Les habitants de la Cité Carl-Vogt ont déposé un recours au Tribunal administratif.
C’est quasiment tout un quartier qui s’oppose à la surélévation de deux étages des cinq barres d’immeubles de la Cité Carl-Vogt. Ceux-ci pourraient passer de 8 à 10 étages, alors qu’un nouveau parking souterrain de 200 places pourrait voir le jour. C’en est trop pour les habitants, qui ont décidé de lancer un recours devant le Tribunal administratif. « Notre refus n’est pas égoïste, mais il faut une nécessaire équité territoriale pour une meilleure répartition de la charge du logement dans le canton », explique Michel Schweri, président de l’Association d’habitants de la Jonction (AHJ) et membre du Comité Honegger (du nom des cinq barres d’immeubles). Il rappelle que la densité de population est déjà très forte à la Jonction.
«La ville de Genève est la plus dense de Suisse avec 12’000 habitants au km2. On est à 16’000 à la Jonction et 970 nouveaux logements sont prévus dans le quartier, sans qu’on ait des engagements sur la création de nouveaux équipements sociaux », explique le militant. Les cinq barres d’immeubles comptent 450 logements pour environ 1000 habitants. Avec le projet de surélévation, on arriverait à cent logements supplémentaires. Ceux-ci ne seraient pas dévolus à du logement social, mais plutôt à du logement de standing. « Nous avons rencontré deux fois l’Hospice général qui est propriétaire des immeubles. Ses responsables nous ont dit que les loyers par pièce seraient de 7’500 francs par an, soit deux fois plus chers que la moyenne actuelle de la cité Carl-Vogt. Les nouveaux locataires devront gagner autour des 150’000 francs par an », précise encore Michel Schweri. «
Avec la baisse de ses subventions, l’Hospice général qui possède près de 1’400 logements dans 80 bâtiments veut simplement rentabiliser coûte que coûte son patrimoine immobilier, quitte à faire payer les locataires modestes. C’est révoltant », nous explique plus directement un habitant.
Un sondage effectué auprès de la population des barres a montré que 78% d’entre eux sont opposés à la surélévation et 61% sont contre le nouveau parking souligne, de son côté, Joël Lubicz, un des recourants. « Cette surélévation va aussi avoir un impact sur l’habitabilité des logements. Les habitants du bas vont aussi perdre en ensoleillement. Ils ne vont quasiment plus voir le soleil entre l’automne et le printemps », précise-t-il. Les habitants dénoncent aussi la probable augmentation d’un important trafic de pendulaires dans le quartier avec la construction du nouveau parking. « Créer 200 places pour 100 nouveaux logements, cela veut dire que les parkings seront loués à des tiers », suppute une habitante « Ce trafic est inacceptable dans un quartier où il y beaucoup d’écoles. » Une autre se demande si tous les gages en matière de sécurité seront respectés, notamment dans au niveau des fondations des immeubles et de stabilité sismique. « La Commission d’architecture a d’ailleurs demandé que l’on adjoigne des renforts extérieurs en cas de surélévation », indique Joël Lubicz.

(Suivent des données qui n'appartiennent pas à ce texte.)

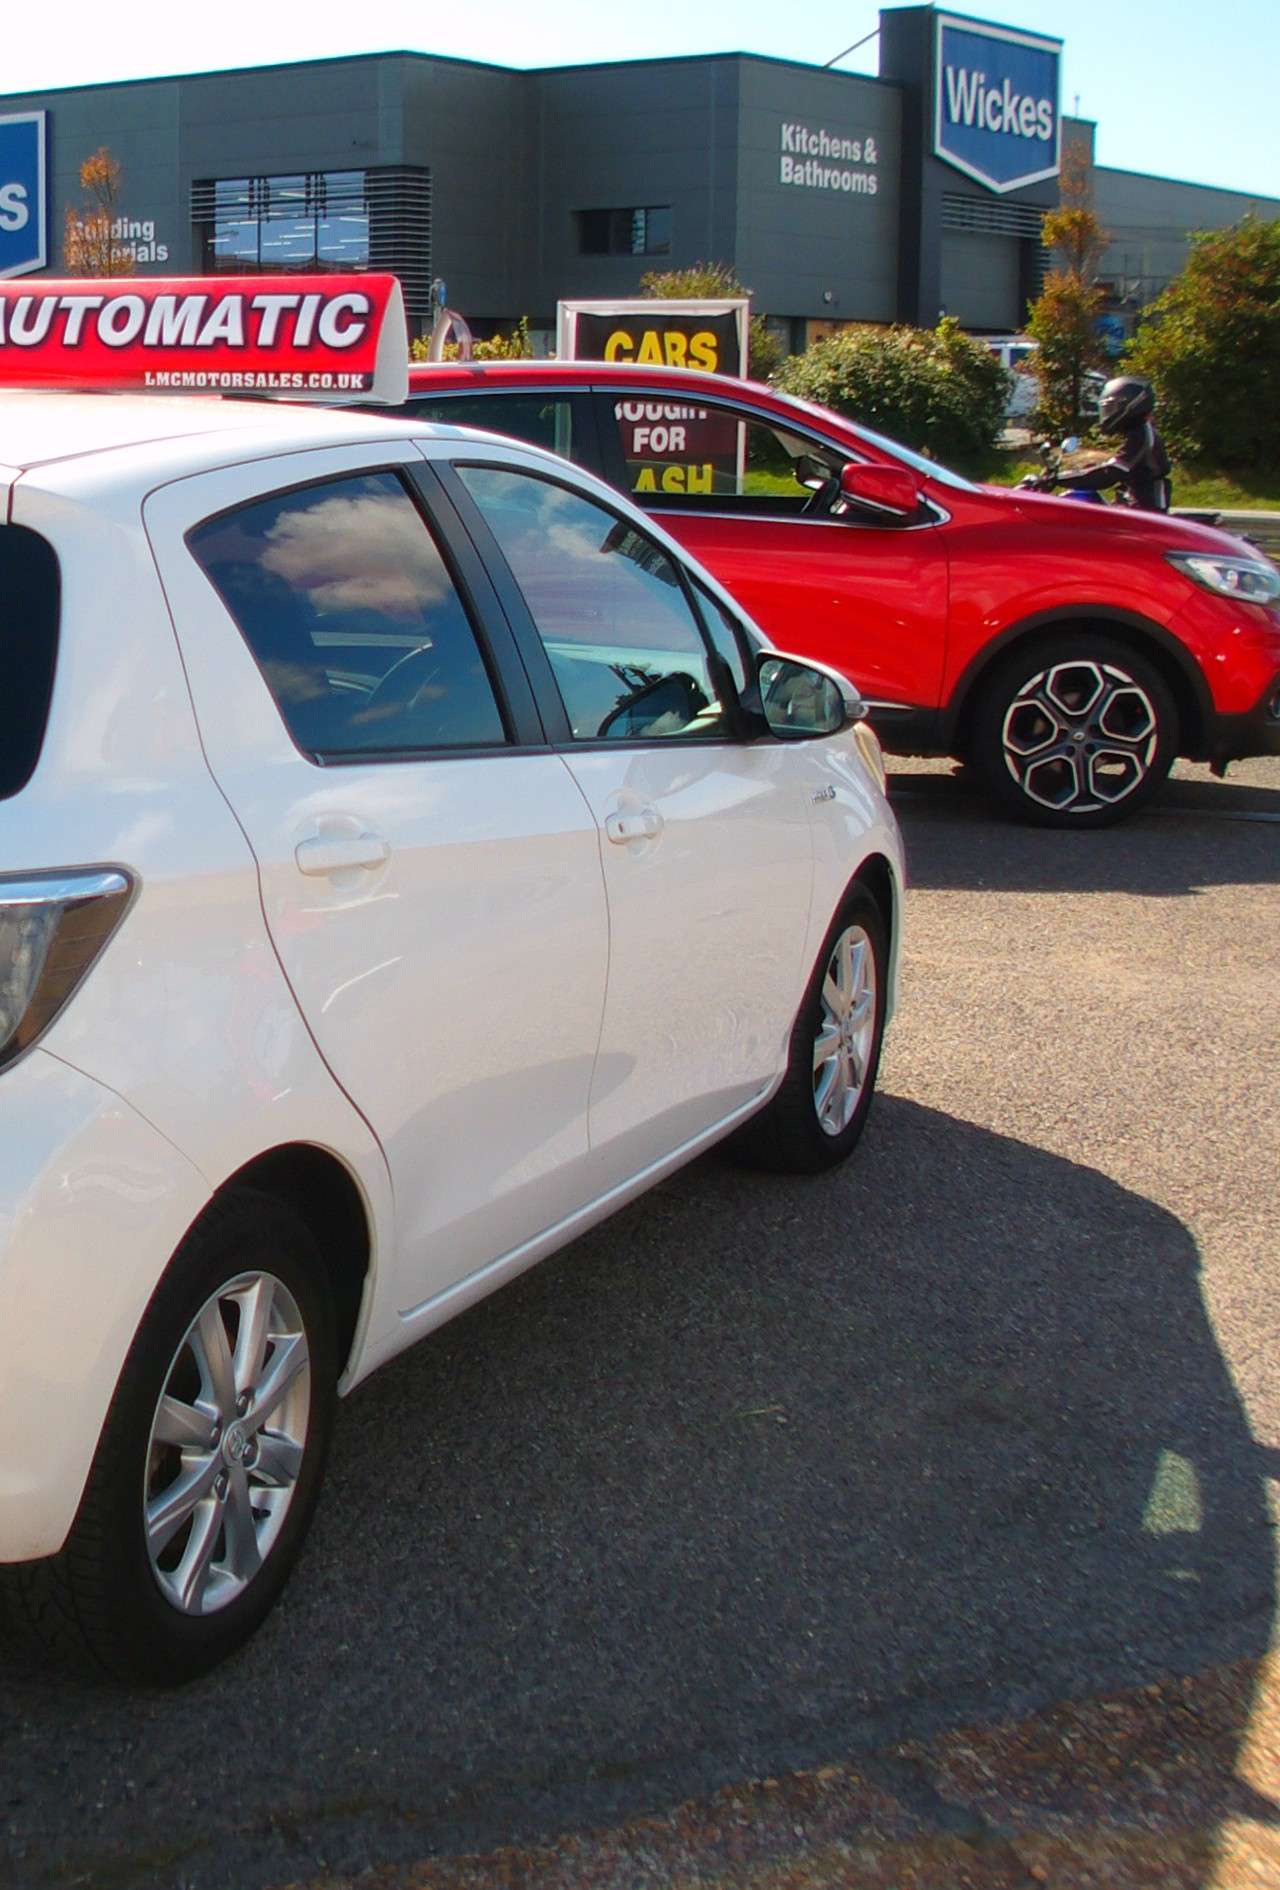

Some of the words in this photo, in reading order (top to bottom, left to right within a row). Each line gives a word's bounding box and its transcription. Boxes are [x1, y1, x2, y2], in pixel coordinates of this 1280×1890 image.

Mark Muller dans le collimateur des opposants
Sur quoi se fonde le recours de l’AHJ ? Celui-ci considère que l’autorisation de surélever délivrée par Mark Muller n’est pas légale « La loi stipule que les gabarits ne peuvent pas dépasser les 30 mètres de hauteur. Avec la surélévation, on atteindra les 33,60 mètres », explique Christian Dandres, l’avocat de l’AHJ et député socialiste. « La distance entre les immeubles ne sera pas non plus respectée. Au moment de la construction, les architectes avaient déjà obtenu une dérogation sur ce point », souligne encore l’avocat. Les habitants qui ont réuni 8’000 francs durant l’été pour leur recours espèrent que le Tribunal administratif donnera tort à Mark Muller comme il l’a déjà fait quand il a autorisé Christian Lüscher à surélever au Boulevard des philosophes. Dans le cas contraire, l’Association prévoit déjà une seconde bataille pour s’opposer aux hausses de loyers des locataires. Signe positif pour les locataires : la Ville de Genève s’oppose à cette surélévation et a aussi déposé un recours contre ces travaux.